Week 16 dust, dreaming and disappointment

Up here in the Kimberley, I want to call so many things I see mighty. The mighty Fitzroy. The mighty ranges. The mighty boab. 

The mighty 665-kilometre Gibb River Road was built in the 1960s for cattle transportation between Wyndham and Derby. Before this, pastoralists had hewn tracks between towns and stations in this remote area. Now it’s an outback overlanding wonderland. My parents travelled along this track in the 90s after they won a trip to Broome for two. They arranged to add a 10 day journey along the Gibb to the itinerary. My brother Mark also drove the Gibb several years ago. It is notorious for destroying axles, suspension and tyres, for its corrugations, wash-outs, sand pits and countless river crossings. These challenges are the appeal, I suppose, and its meandering path through the heart of the Kimberley. We’re keen to experience it for ourselves, minus the breakages.

Before leaving the Dampier Peninsula we stop in at Beagle Bay Sacred Heart Church, built in 1917. It’s renowned for its pearl shell decorated alter, built by the local Aboriginal people and priests. I haven’t stepped inside a church for these months of travel and it is a pleasure to be here, with the stations of the cross, images of Jesus and words from the Bible. But there is also a sorrowful side: the children who were taken from their families and housed here at the mission. I read on the website that the church responded to government policy at the time by providing a place of refuge for lost children. 

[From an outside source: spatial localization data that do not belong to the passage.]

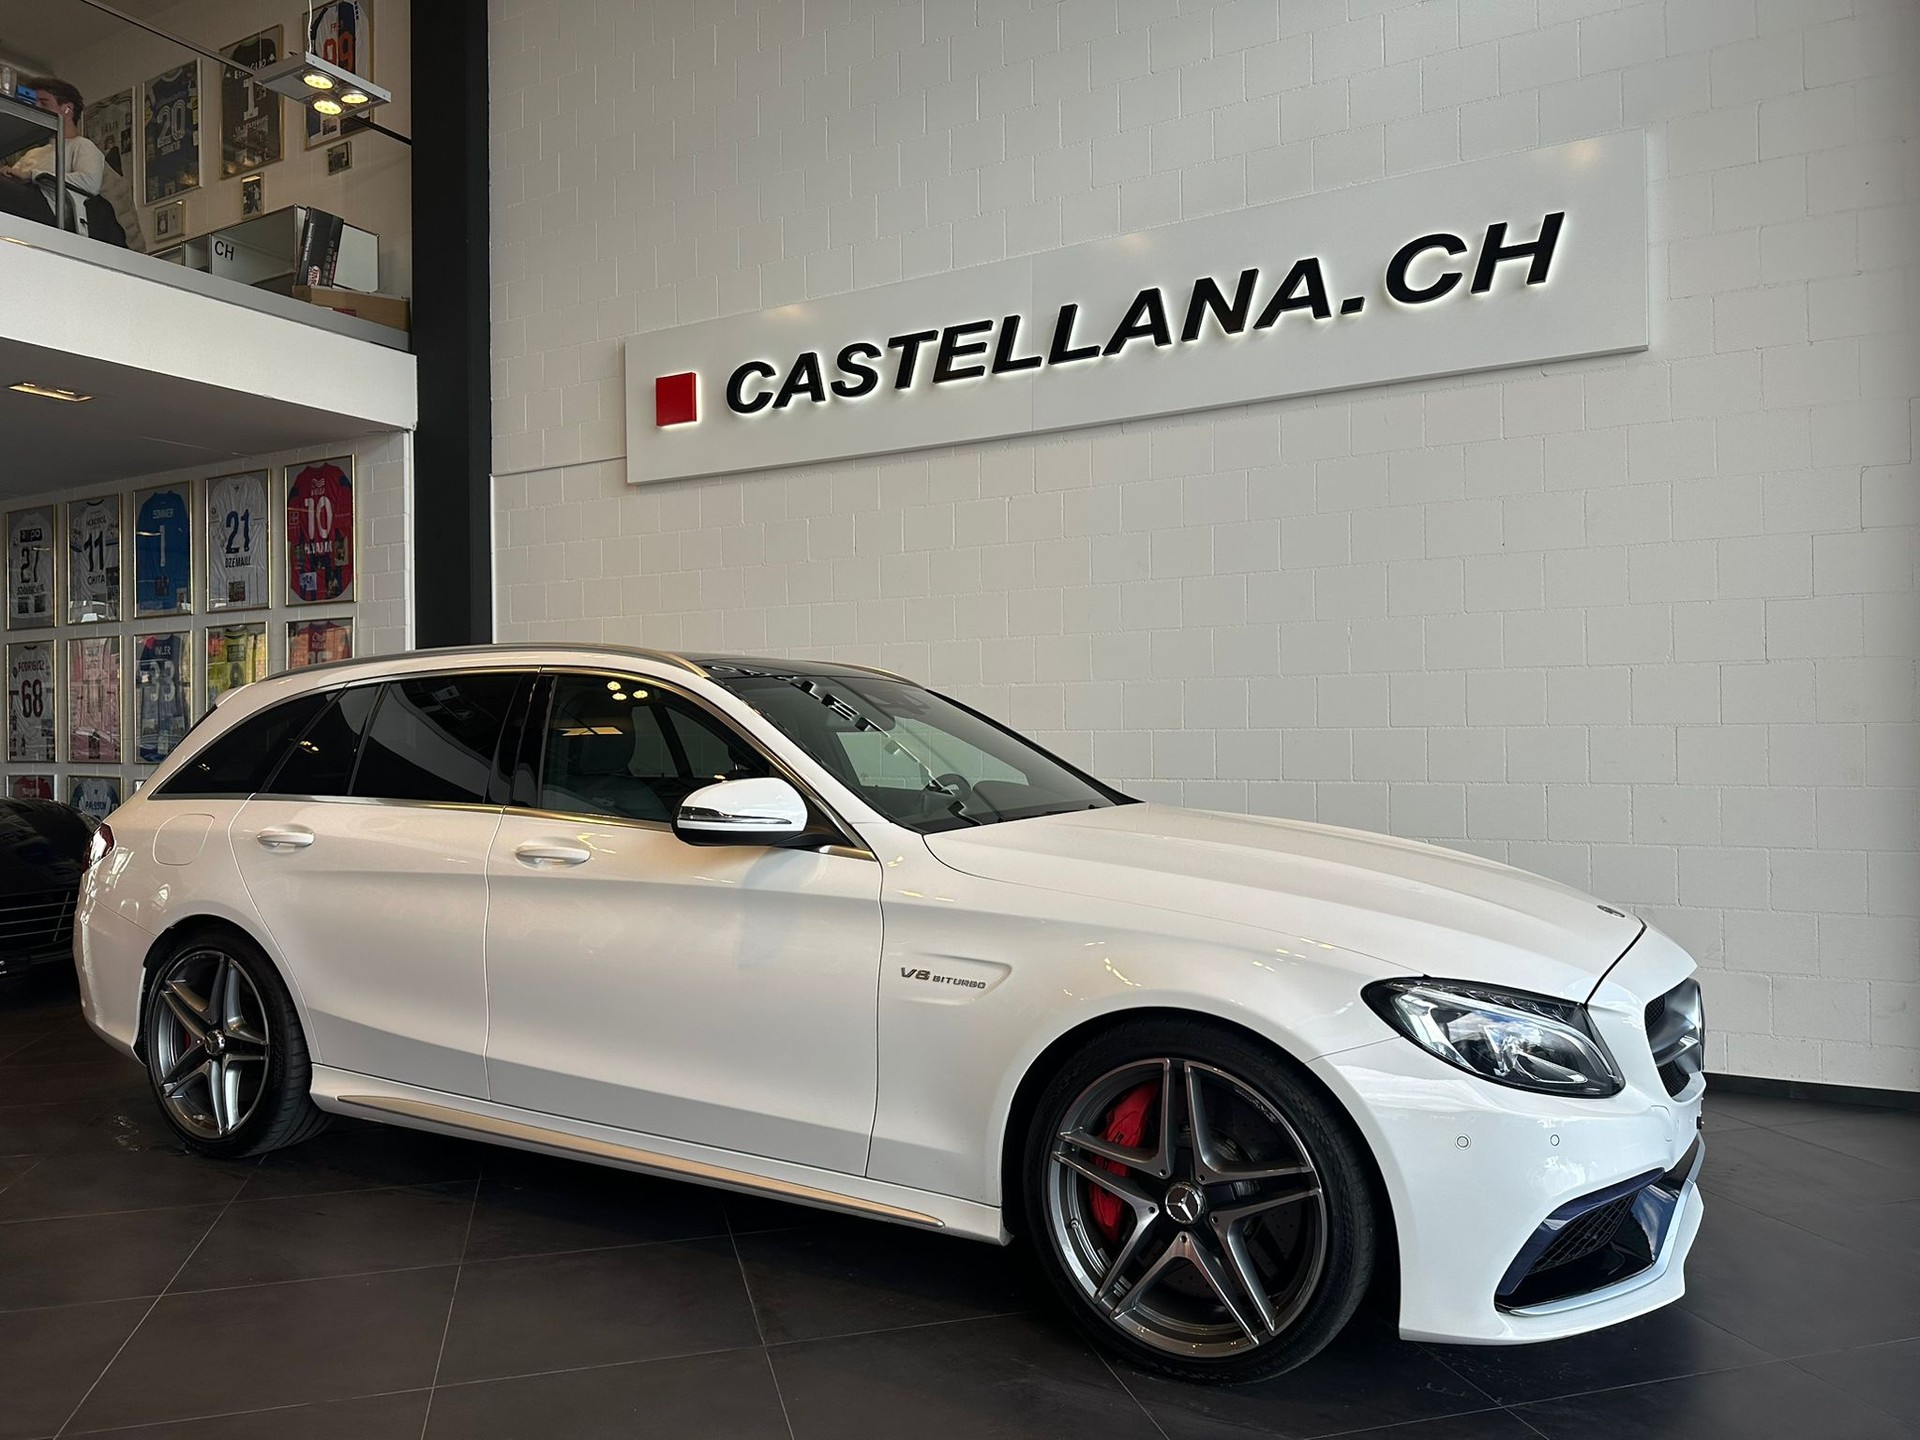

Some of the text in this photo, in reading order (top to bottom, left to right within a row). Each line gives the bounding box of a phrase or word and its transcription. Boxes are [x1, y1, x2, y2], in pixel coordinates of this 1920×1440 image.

[157, 100, 186, 149] 20
[214, 240, 235, 261] CH
[725, 211, 1566, 416] CASTELLANA.CH
[225, 508, 250, 555] 21
[304, 495, 333, 540] 10
[20, 545, 41, 583] 27
[84, 531, 105, 572] 11
[160, 524, 166, 567] 1
[21, 678, 44, 719] 68
[149, 660, 176, 702] 33
[901, 967, 986, 989] V8 BITURBO
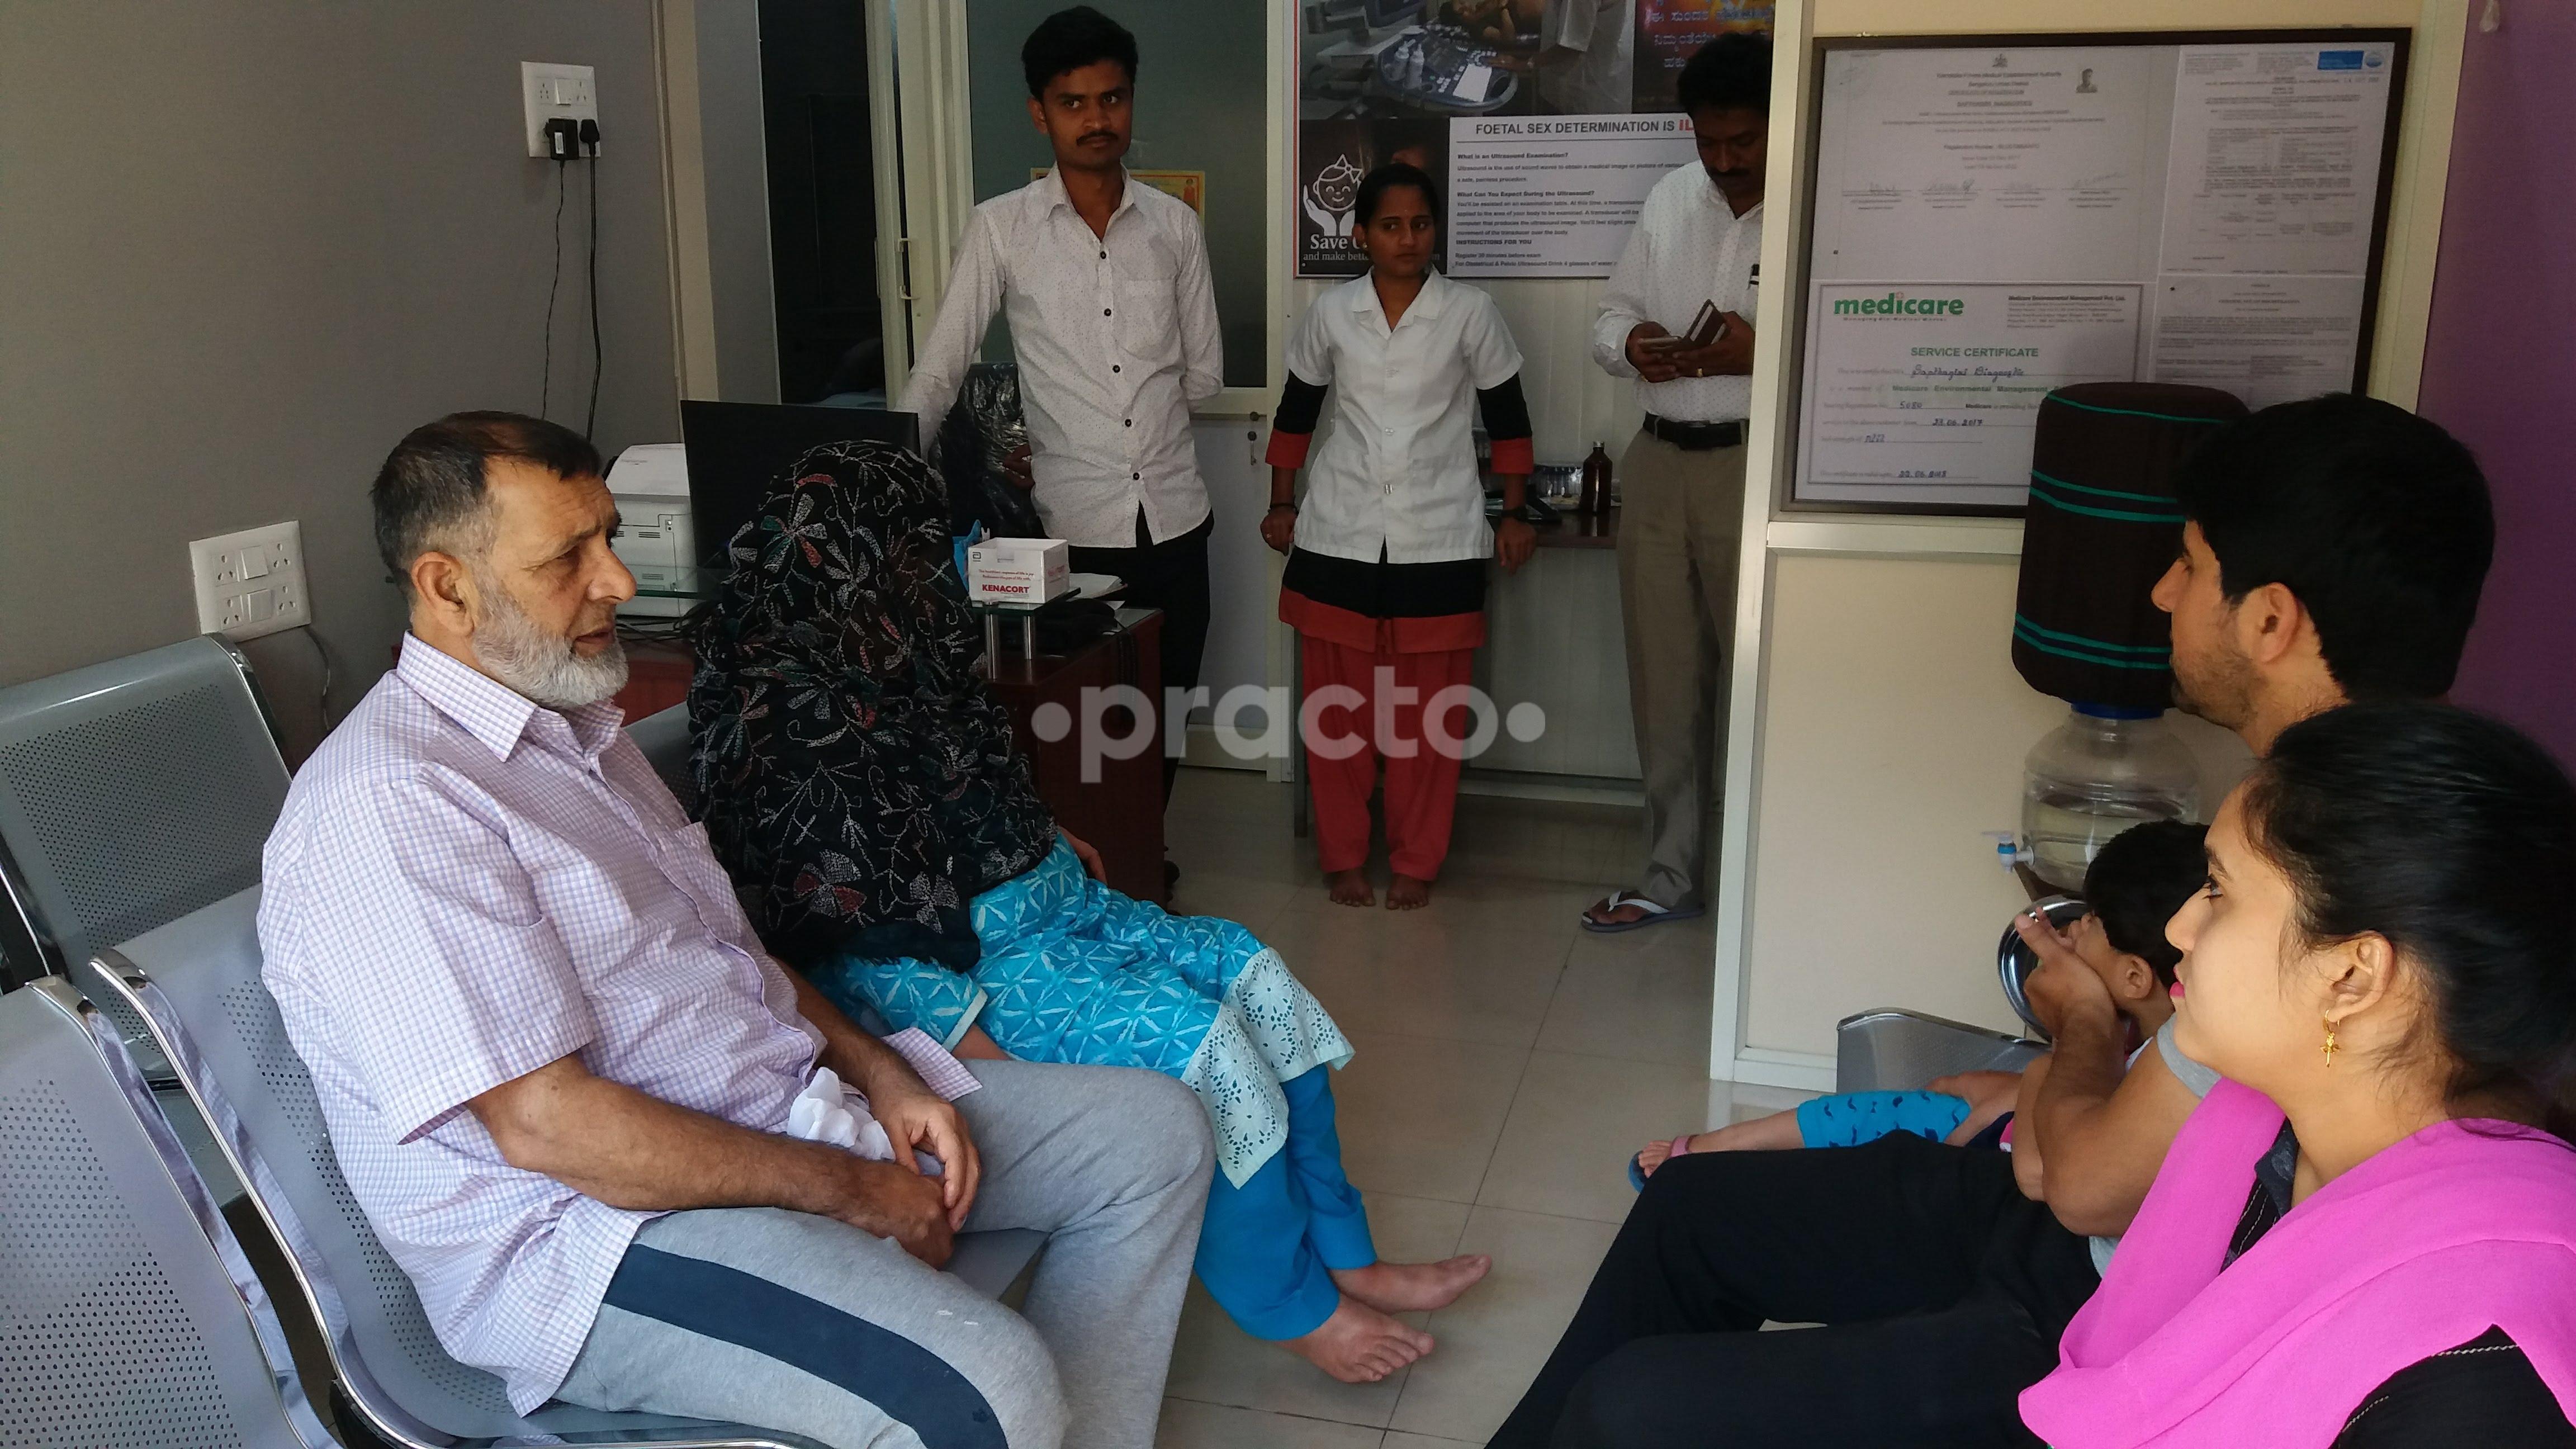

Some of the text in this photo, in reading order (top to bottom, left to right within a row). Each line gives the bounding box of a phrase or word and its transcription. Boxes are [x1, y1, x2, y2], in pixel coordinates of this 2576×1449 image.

[1476, 119, 1694, 134] FOETAL SEX DETERMINATION IS IL
[1310, 234, 1348, 249] Save
[1303, 252, 1369, 261] and make bett
[1834, 292, 1964, 315] medicare
[1911, 347, 2039, 357] SERVICE CERTIFICATE
[982, 584, 1030, 594] KENACORT

Leaving Pender Bay, the Gibb opens but some National Parks and Wildlife Service (NPWS) roads remain closed. We head toward Derby, a five hour drive, arriving at camp on the Fitzroy River in the dark, our first encounter with crocs. In the light of Jeremy’s powerful head torch we spot about eight pairs of eyes in the river. It’s unnerving to be so near but we’re standing high on the river bank well away from the water’s edge – Croc Wise. 

With the boab tree featuring in the landscape, we know we are in Kimberley country. We can’t quite believe we are here, with only a couple of months to go. It’s sad and given how quickly the past four months have gone, we know that the next couple will fly by. What will we miss about our journey? Why are we sad? Obviously a hiatus from regular routines and the quotidian are always a sweet balm, but this feels different. 

We do have a lot to look forward to and some iconic roads to travel — the Gibb, Tanemi and Oodnadatta — before landing back into NSW.  We determine to savour every moment. 

Up in Derby we stop at the Boad Prison Tree, a massive tree with a 14-metre circumference, believed to be more than 1500 years old. Boabs have fibres rather than wood making it difficult to accurately date these beauties. The history plaques here say that Aboriginal men may have been held here in the late 1800s while waiting for transportation either to prison (usually in Derby, sometimes down to Rottnest Island) or to work in the pearling industry, with a chilling photograph of Aboriginal men chained together by the necks.

We have two firm bookings on the Gibb: Windjana Gorge (Bandilngan in local Bunuba language) in early June 6 then El Questro to meet Brodie and John, June 25 and, while the Gibb itself is open, the road to Bandilngan and Tunnel Creek (Baraa) is still closed. 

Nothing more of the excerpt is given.